Changing climate and more frequent extreme weather events will undoubtedly affect the taste of the wines we produce and necessitate adaptations in every facet of the industry. But these growing pains might also be an opportunity for consumers to gain a better understanding of how our food is grown and how interconnected we are with our environment.

California encompasses a wide range of meso- and microclimates, but on average in the last two rainy seasons the state finally saw ample precipitation after a prolonged drought as the result of the El Niño climate pattern, which brought massive storms that caused major flooding and landslides. Despite the damage, grape growers were encouraged by the free water and the long, cool spring.

The alarm bells started ringing as temperatures increased through June, leading to the hottest summer in California in 130 years, according to NOAA. More than the increase in average temperatures, it’s the increasing frequency of extreme heat events that threaten vineyards. Inland wine regions like Napa experienced startling heat waves in July that had winemakers biting their nails, but August cooled down enough to allow for the gradual maturation of the crop.

Meanwhile, Santa Cruz saw mild temperatures for most of the summer. “It’s because of the beautiful, giant bathtub that is the Monterey Bay,” says Prudy Foxx, local vine expert and founder of Foxx Viticulture. “It really helps moderate our experience of those extreme heat events.”

But the marine influence only extends so far, and even Santa Cruz is not immune to temperature extremes.
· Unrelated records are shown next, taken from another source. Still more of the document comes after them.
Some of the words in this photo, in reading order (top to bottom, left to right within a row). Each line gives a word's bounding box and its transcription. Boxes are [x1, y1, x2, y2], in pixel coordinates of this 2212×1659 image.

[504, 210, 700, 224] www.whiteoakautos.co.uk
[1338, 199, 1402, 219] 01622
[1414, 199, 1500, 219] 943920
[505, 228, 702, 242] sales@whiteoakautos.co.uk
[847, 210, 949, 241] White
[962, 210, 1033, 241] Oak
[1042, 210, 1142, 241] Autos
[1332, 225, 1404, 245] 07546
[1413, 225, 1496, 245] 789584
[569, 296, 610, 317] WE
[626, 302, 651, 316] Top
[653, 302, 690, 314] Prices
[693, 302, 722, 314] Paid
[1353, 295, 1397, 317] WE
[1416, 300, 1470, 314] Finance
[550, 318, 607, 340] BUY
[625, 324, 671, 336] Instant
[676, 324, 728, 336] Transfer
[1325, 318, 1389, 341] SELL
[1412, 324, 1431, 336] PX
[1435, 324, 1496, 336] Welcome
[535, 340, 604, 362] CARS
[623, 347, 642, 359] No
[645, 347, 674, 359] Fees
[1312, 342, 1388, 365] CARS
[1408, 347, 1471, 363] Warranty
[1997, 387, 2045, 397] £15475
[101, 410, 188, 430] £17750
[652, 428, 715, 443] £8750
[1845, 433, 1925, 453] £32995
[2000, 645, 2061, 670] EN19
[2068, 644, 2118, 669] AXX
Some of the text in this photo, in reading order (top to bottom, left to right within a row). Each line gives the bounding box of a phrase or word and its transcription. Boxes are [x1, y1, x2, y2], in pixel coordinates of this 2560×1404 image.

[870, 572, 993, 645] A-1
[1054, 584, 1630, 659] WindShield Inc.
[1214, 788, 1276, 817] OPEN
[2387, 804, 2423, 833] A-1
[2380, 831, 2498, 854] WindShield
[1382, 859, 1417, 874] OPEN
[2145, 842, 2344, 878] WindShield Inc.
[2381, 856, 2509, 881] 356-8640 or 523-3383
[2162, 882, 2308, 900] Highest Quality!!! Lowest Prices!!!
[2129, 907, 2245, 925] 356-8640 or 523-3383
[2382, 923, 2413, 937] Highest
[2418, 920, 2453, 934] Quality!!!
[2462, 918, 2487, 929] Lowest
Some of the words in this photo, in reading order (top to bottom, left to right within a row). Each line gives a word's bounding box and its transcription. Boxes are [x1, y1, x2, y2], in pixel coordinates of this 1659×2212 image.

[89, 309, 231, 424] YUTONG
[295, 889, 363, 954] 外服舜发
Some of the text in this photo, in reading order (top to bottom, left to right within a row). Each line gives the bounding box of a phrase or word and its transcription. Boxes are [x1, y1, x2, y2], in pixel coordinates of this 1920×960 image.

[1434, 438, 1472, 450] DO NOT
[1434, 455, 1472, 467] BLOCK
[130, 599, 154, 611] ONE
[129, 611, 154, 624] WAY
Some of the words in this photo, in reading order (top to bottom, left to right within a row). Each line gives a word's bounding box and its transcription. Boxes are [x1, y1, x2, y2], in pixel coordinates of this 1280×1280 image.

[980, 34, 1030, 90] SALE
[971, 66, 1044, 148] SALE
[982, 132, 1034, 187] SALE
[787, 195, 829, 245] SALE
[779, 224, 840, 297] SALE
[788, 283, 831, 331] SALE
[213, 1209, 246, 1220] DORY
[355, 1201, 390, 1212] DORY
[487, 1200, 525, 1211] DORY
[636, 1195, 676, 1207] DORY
The heat finally broke through in September, peaking in the first week of October, and winemakers were forced to compress their picking schedule and left scrambling to find space to ferment it all.

“It basically accelerated our whole season,” Foxx says. “Suddenly everything that was ripening gradually, really nicely, easy to plan for, became an emergency.”

Megan Bell of Margins Wine has thought a lot about how to adapt her business to the chaos and unpredictability of climate change.

“There were always outlier harvests, of course, but I think in general there was a flow of harvest that was predictable-ish every year, where I generally know how this is going to go, and I have enough equipment on hand to handle it, and now it’s not like that.”

Besides potential impacts on the quality of the fruit, heat waves can affect planning and scheduling, hiring and training of seasonal workers, and the logistics of wine production, so one of Bell’s strategies is to pick as early as possible.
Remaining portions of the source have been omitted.